なんかもはや上級魔法もかくやとばかりの大爆発でライダーキングがぶった斬られて、周囲に護衛のように着いていたレッサーライダーたちがまとめて一息で消し飛んでしまう。
僕たちはまだ四重バフのアドバンテージがあるからとはいえ、だいぶ規格外な威力だね!?
「ヒュー、やるねぇ、あの両剣使い」
「チッ、一人でいいカッコなんかさせるか! うおらぁっ!」
かなりド派手に決めたこともあってか、周りのみんなも触発されたように士気を上げて、取り巻きを蹴散らしながらライダーキングに向かっていく。
「アタシたちもいくよ!」
「「はいっ」! 行きましょう!」
モレナさんたちも今度はライダーキング戦の方に加勢するみたいだね。
「ガァッ!」
「ほっとっ」
ミスティスが袈裟斬りの軌道で振り下ろされたジェネラルウルフの爪を盾で受けると、そのまま滑り落とすように下に受け流しつつ、手元を回して逆に上の刃でカウンターの袈裟斬りを入れてみせる。
ウルフはこれで一瞬怯んだけど、その隙にゴブリンキングの方が何か詠唱しにかかる。
「――! ――、――――……」
「おっとぉ?」
「させません!」
「《ブレイズランス》!」
「――!?」
でもそれもすぐに察したミスティスがバックステップで一旦距離を置いてくれたから、空いた射線を通してエイフェルさんのバーストアローと謡さんのブレイズランスが刺さり、僕たち他の遠距離組からもそれぞれの攻撃が飛んで、こちらも中断させられる。
続けて、
「フッ!」
「!? バゥァッ!」
いつの間にかまた背後にいたアサシンの人がラッシュブロウの連撃を叩き込むと、反射的に尻尾によるカウンターを入れつつジェネラルウルフがそっちに反転してしまう。けど、その瞬間には既にアサシンの人はクローキングで姿を消して離脱してるんだよねぇ。
「も~らいっと~♪」
「隙だらけなんだよオラァ!」
「ガルァァッ!?」
「――――!?」
おかげで完全に正面の僕たちからは背後が狙い放題だね。全員からの波状攻撃で容赦なくフルボッコにされていく。
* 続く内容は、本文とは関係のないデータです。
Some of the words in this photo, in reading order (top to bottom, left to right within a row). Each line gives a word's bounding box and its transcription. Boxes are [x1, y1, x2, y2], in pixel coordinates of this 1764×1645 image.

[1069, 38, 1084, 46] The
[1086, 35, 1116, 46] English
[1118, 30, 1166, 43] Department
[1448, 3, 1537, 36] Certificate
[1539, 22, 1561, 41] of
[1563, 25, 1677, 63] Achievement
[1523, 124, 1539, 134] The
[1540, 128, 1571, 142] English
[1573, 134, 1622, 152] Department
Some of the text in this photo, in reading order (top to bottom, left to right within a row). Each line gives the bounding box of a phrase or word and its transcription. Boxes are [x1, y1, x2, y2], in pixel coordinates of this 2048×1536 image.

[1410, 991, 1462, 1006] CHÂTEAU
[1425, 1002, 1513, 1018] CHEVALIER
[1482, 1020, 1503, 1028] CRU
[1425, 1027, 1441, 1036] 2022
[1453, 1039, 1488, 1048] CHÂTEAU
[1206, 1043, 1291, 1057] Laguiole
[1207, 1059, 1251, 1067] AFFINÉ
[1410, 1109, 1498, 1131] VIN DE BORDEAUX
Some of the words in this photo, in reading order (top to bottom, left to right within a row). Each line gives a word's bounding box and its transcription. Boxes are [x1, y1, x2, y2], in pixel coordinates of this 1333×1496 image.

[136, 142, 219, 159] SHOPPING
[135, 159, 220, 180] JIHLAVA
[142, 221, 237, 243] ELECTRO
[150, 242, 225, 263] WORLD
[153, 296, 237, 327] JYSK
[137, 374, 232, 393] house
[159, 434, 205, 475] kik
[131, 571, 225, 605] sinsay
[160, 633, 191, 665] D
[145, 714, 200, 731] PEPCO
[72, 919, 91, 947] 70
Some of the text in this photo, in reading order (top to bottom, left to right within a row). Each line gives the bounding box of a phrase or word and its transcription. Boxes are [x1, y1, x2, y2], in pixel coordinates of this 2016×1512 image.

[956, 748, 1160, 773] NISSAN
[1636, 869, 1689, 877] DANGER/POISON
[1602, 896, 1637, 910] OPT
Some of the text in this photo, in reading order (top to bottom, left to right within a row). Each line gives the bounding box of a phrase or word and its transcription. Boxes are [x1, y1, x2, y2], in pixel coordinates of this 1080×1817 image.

そんな調子で今のところは僕たちの方が終始圧倒していて、危なげなく戦えてる感じだね。
まぁ、一度倒されて再召喚になった取り巻きはリセットされてただけで、ライダーキング本体の二重デバフはまだかかりっぱなしだし、みんなの二重バフもまだ有効だ。ステータス差がかなりあるから、だいぶ余裕あるね。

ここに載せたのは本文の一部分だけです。